Date: 2009-12-04 02:24 am (UTC)
From: [identity profile] mecurtin.livejournal.com
Let me just say, as a person in who is in a civil, heterosexual marriage:

but like it or not. marriage is a religious sacrement, a deeply religious binding of two people in many religions.... and i thinnk as long as we use that word for the civil and religious acts.... we are gonna have trouble

Then the religious people need a different word for *their* arrangement. "Sacrament of matrimony", for instance.

WE WERE THERE FIRST. Marriage as a human institution is older and more widespread than any religion in particular, or even than religion in general. The fact that a lot of Americans think it's *primarily* religious is unfortunate, but they are WRONG.

I will not let them -- or you! -- say that my civil marriage isn't "really" marriage, that I should be willing to drop a word that is woven into our legal codes, because it destroys their delusion that all human institutions are religious.

No. Civil marriage *is* marriage. I am just as married as someone who was married in a church.

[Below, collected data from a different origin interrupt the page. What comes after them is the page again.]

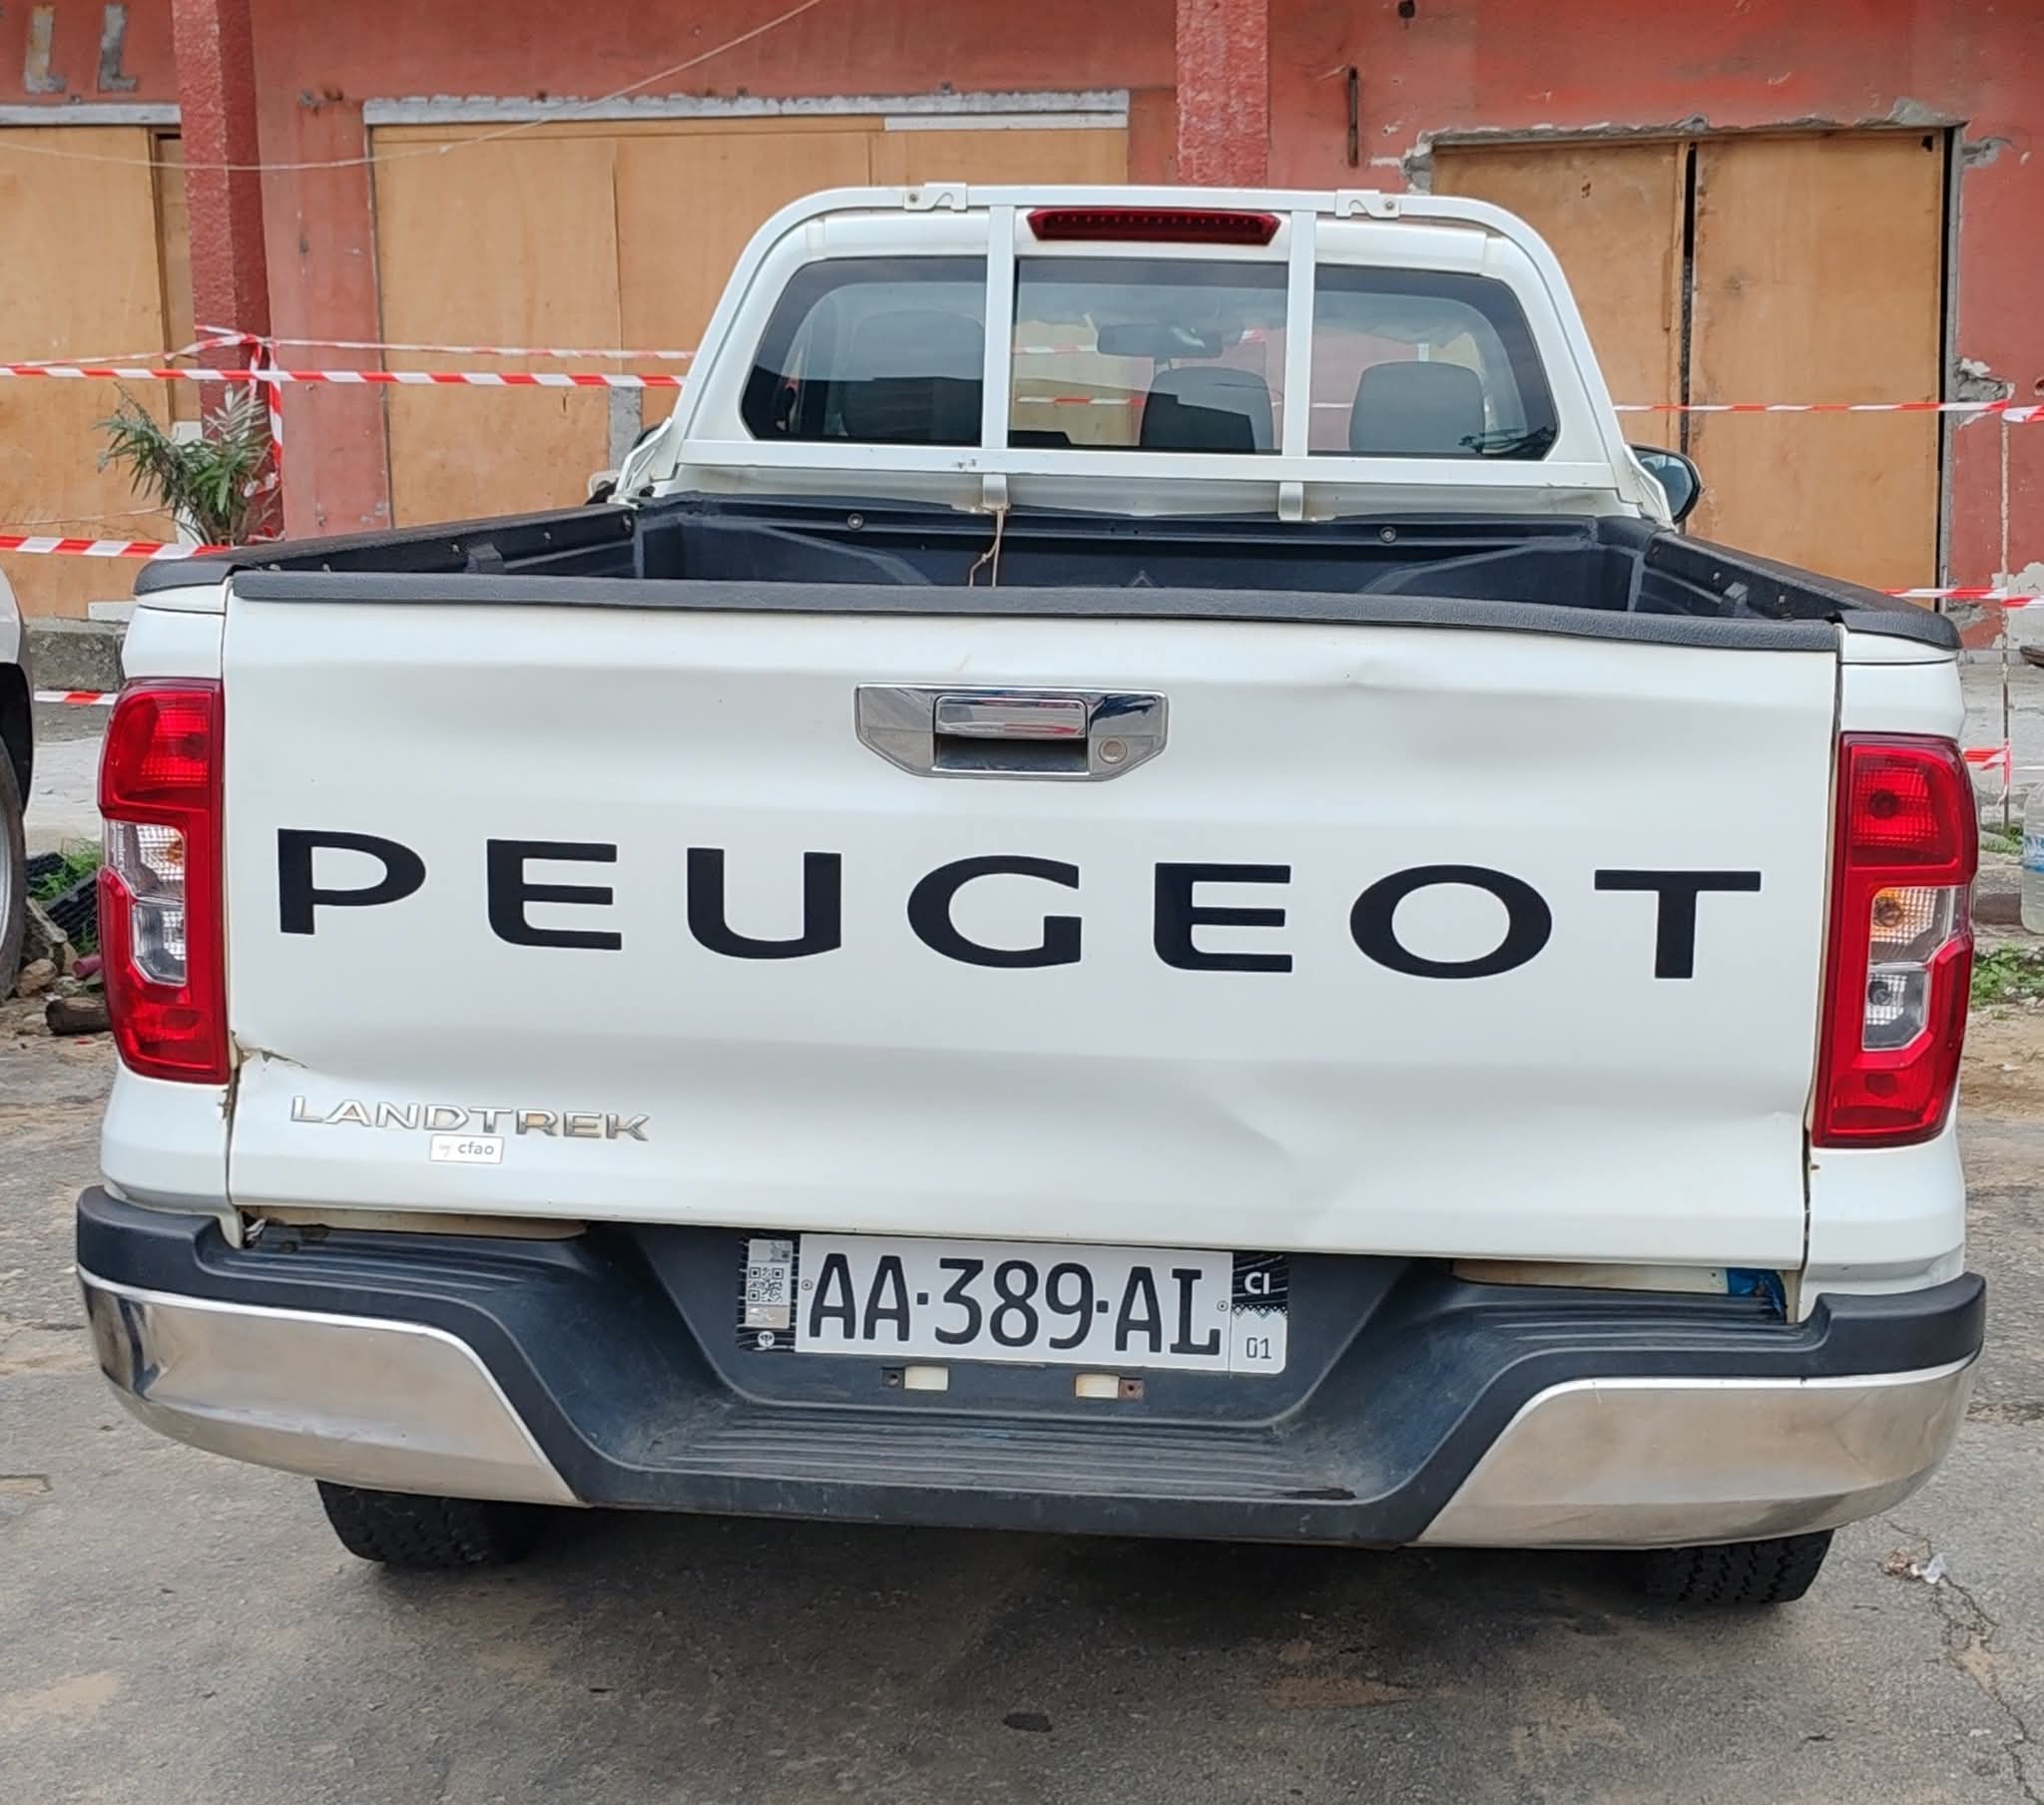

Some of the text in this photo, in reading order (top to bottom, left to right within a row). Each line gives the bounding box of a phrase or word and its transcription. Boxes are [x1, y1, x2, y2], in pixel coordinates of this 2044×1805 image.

[278, 828, 1762, 979] PEUGEOT
[290, 1096, 650, 1141] LANDTREK
[457, 1141, 495, 1155] cfao
[1245, 1271, 1271, 1295] CI
[1246, 1337, 1273, 1360] 01

Date: 2009-12-04 03:05 am (UTC)
From: [identity profile] tekalynn.livejournal.com
Hear bloody hear, and amen. (Also married in a civil ceremony, and very happy with it.)

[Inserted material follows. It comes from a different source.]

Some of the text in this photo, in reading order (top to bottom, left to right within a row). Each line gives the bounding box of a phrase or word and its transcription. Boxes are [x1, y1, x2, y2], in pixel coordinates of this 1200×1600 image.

The one thing I *didn't* like about getting married was filling out the paperwork for the license and reading that same-sex couples were specifically forbidden to plow through the exact forms that I was.

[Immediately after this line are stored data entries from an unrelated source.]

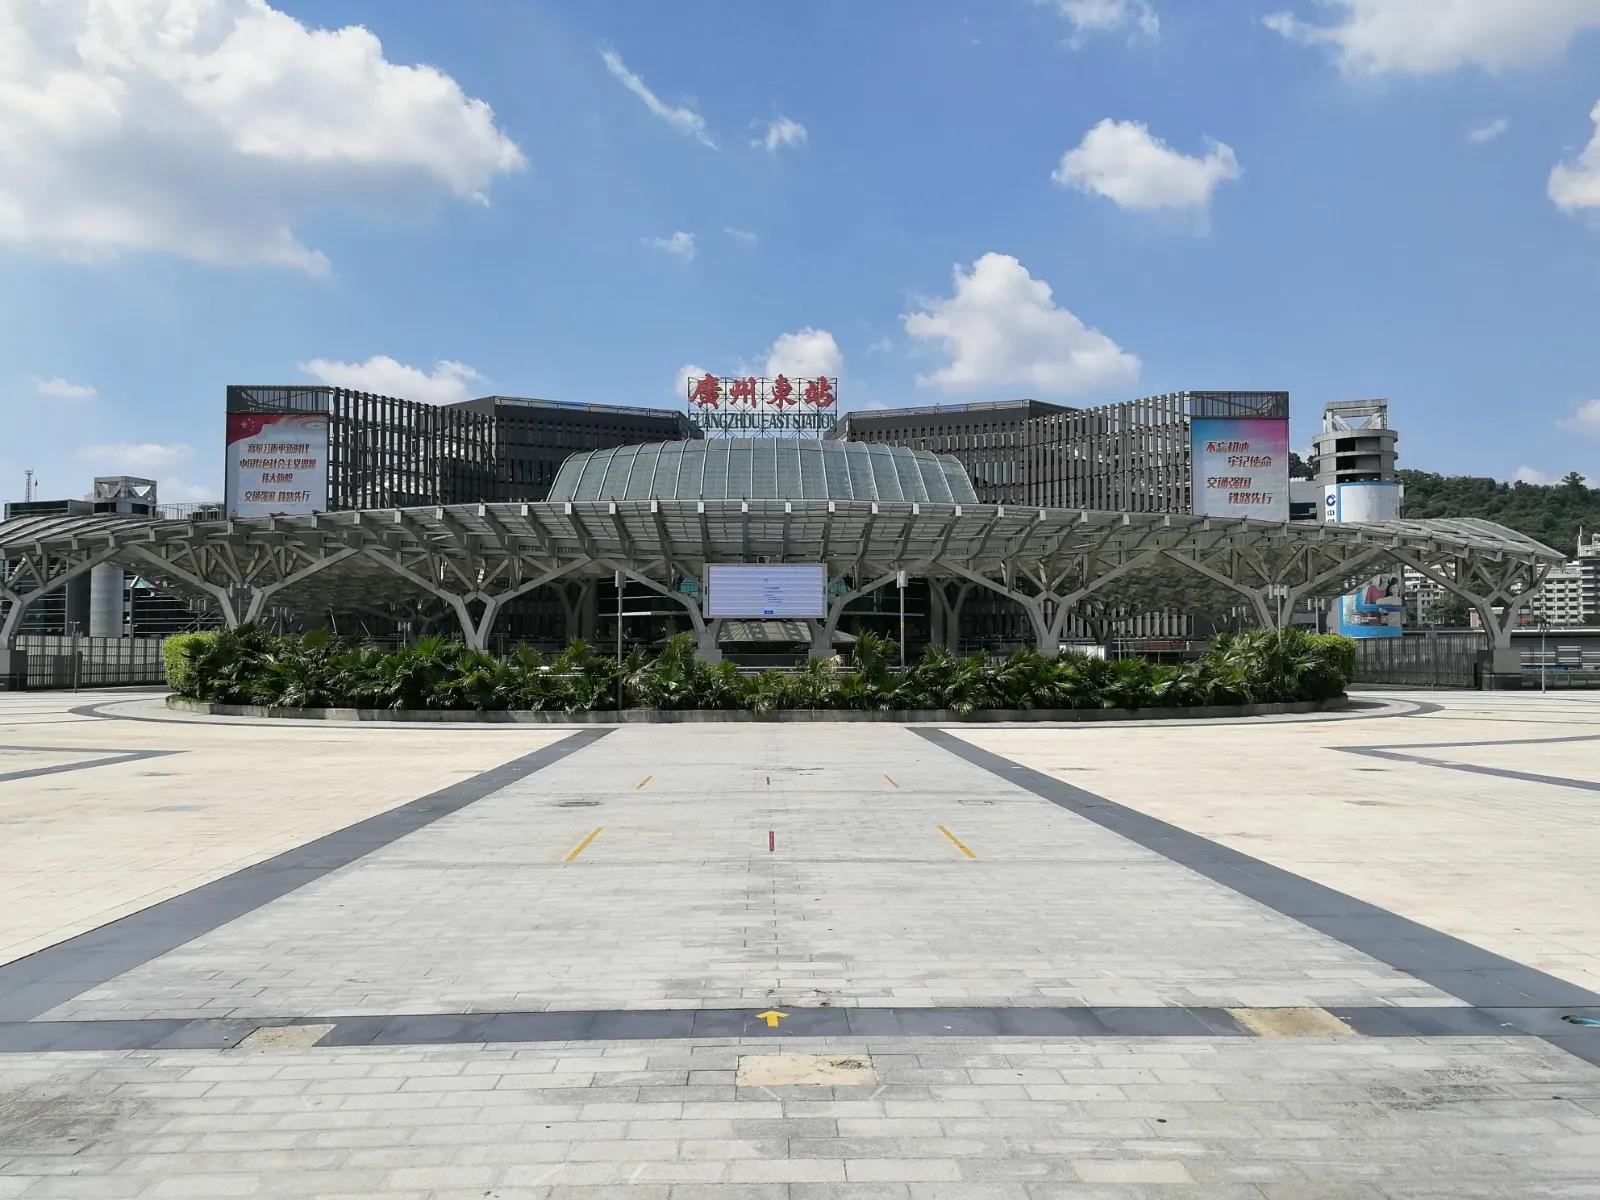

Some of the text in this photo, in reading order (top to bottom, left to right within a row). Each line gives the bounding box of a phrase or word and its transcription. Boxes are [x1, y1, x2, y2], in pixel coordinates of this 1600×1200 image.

[690, 373, 835, 409] 廣州東站
[689, 413, 837, 429] GUANGZHOU EAST STATION
[1227, 455, 1272, 467] 牢记使命
[1206, 476, 1252, 489] 交通强国
[1228, 492, 1273, 504] 铁路先行

Date: 2009-12-04 03:31 am (UTC)
From: [identity profile] fabricdragon.livejournal.com
as i said..... i dont have any problem with anyone being married. but i think the confusion between civil and religious terms will only be resolved by DIVIDING the terminology

and under CIVIL law... well... fine, you have a basis for demanding CIVIL rights.....
but when you demand that people change their religious beliefs to suit you? no
they wont.

so in my non expert opinion the way to get over the problem that a lot of people are opposing your civil rights on religious grounds, is to *separate* the terminology.. legally.

since we already have a term for the contract under civil law that is a civil marriage. "civil union" i suggest we have the givt only. ONLY recognize that
leave the churches to their own choices.

Date: 2009-12-04 06:02 am (UTC)
ext_29896: Lilacs in grandmother's vase on my piano (Default)
From: [identity profile] glinda-w.livejournal.com
Seconded. Why should ... ah, never mind. I can't let myself get drawn into this right now; too many other stressors etc. going on, but... let everyone marry. If they want to have a religious ceremony, call it "holy" matrimony rather than just "matrimony", or "holy marriage" rather than just marriage.

Too simple for the bigots to accept, though. Damn.